For discussion purposes, let’s assume that there is a broad consensus that patients would benefit if new drugs and devices could get to the US market sooner. Current market barriers can be fearsome: long timeframes, high cost and regulatory uncertainty. How can we fix this problem? What costs and risks are involved in getting products to patients faster?
These are old questions, renewed this year by the Biotechnology Industry Organization’s (BIO) proposal to create a “progressive approval” process. This is controversial, but also worthy of widespread discussion. FDA Matters finds itself interested and open-minded about ways to permit earlier market-access if patients will benefit and the safety risk minimized.
Currently, FDA has several mechanisms for helping drugs move faster through the approval process, but only one might be said to be an alternative pathway. FDA describes it as follows:
ACCELERATED APPROVAL: [I]n 1992 FDA instituted the Accelerated Approval regulation, allowing earlier approval of drugs to treat serious diseases, and that fill an unmet medical need based on a surrogate endpoint….For example…FDA might now approve a drug based on evidence that the drug shrinks tumors because tumor shrinkage is considered reasonably likely to predict a real clinical benefit [e.g. prolonged survival].
Since creation of the program, FDA has granted an average of about four accelerated approvals to drugs each year, sometimes for more than one clinical indication. More than half of these indications have been shown subsequently to have clinical benefit and FDA has converted the approval from accelerated to regular. Others accelerated approval drugs are still being studied and a few have been withdrawn.
FDA has itself shown interest in moving beyond accelerated approval. Early this fall, FDA released a report, Driving Biomedical Innovation: Initiatives to Improve Products for Patients. In a section entitled “Expedited Drug Development Pathway,” the agency observes:
Sometimes during the development of a new drug to treat a serious or life-threatening disease that has few therapeutic options, the new treatment performs much better than standard-of-care in the early trials. While there is general agreement that such a drug should be developed quickly, there is not a common understanding of how to appropriately speed up development while simultaneously gathering adequate evidence about the performance of the product.
FDA envisions a series of meeting with stakeholders to develop this concept and answer a number of difficult questions about the nature of a new pathway and how it could be implemented.

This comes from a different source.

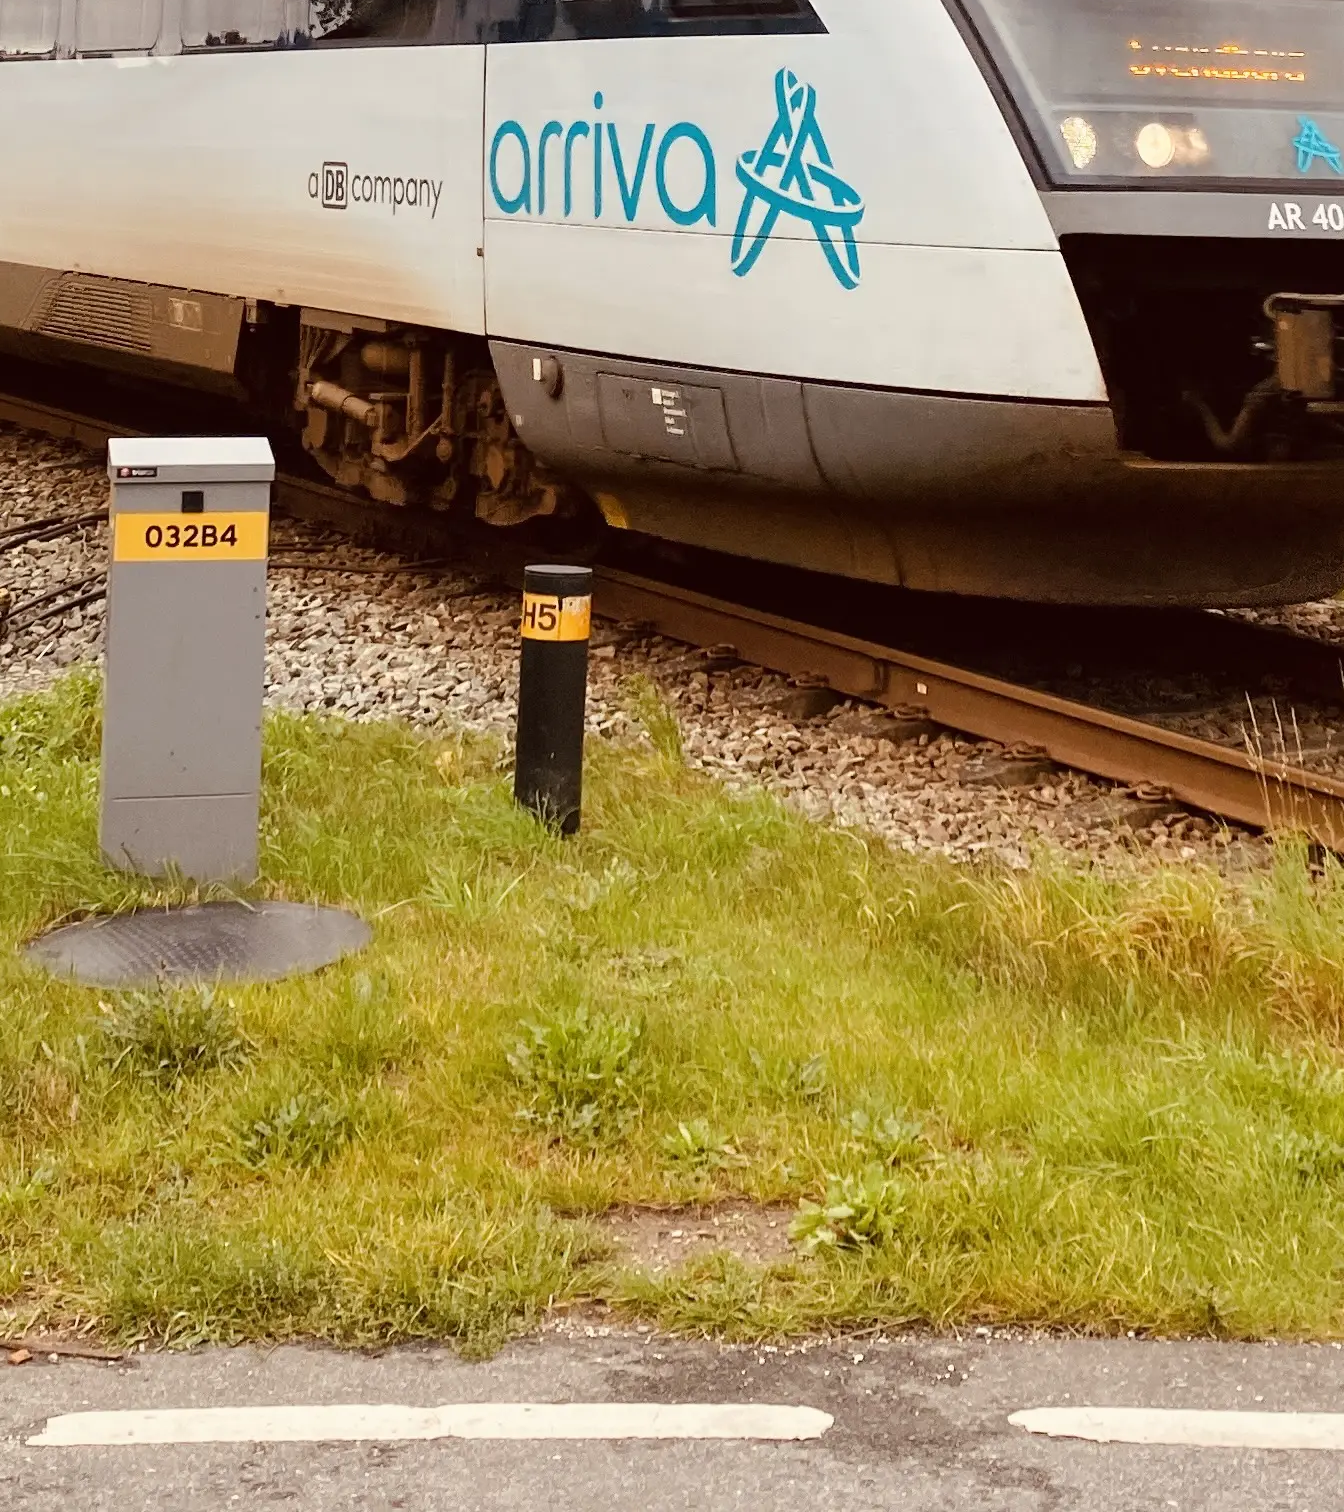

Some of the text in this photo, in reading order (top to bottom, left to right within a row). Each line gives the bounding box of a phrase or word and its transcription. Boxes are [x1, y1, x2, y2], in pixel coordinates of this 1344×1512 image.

Consistent with this, BIO had already been talking about transforming the FDA approval process by permitting a “progressive approval” and market access for innovative products that:
- Treat an unmet medical need
- Significantly advance the standard of care
- Are highly targeted therapies for distinct sub-populations
The November 11, 2011 BioCentury reported that Senator Kay Hagan (D-NC) will be circulating draft legislation to create two new FDA approval pathways, presumably beginning the process of providing details for BIO’s concept. Here are the new approaches:
- Progressive approval would require data “reasonably likely” to predict clinical benefit, the standard currently used for accelerated approval. Unlike accelerated approval, drugs could receive progressive approval without data from a surrogate endpoint.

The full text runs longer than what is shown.